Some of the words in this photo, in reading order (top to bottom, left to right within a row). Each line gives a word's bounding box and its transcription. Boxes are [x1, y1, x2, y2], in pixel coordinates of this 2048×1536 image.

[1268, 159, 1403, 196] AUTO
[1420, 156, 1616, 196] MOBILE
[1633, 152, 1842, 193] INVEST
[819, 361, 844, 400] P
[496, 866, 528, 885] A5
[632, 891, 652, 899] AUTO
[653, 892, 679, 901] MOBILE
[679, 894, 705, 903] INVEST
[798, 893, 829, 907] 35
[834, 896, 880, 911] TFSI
######
This exercise calls for every record above to be written out again exactly.

# The answer
Some of the words in this photo, in reading order (top to bottom, left to right within a row). Each line gives a word's bounding box and its transcription. Boxes are [x1, y1, x2, y2], in pixel coordinates of this 2048×1536 image.

[1268, 159, 1403, 196] AUTO
[1420, 156, 1616, 196] MOBILE
[1633, 152, 1842, 193] INVEST
[819, 361, 844, 400] P
[496, 866, 528, 885] A5
[632, 891, 652, 899] AUTO
[653, 892, 679, 901] MOBILE
[679, 894, 705, 903] INVEST
[798, 893, 829, 907] 35
[834, 896, 880, 911] TFSI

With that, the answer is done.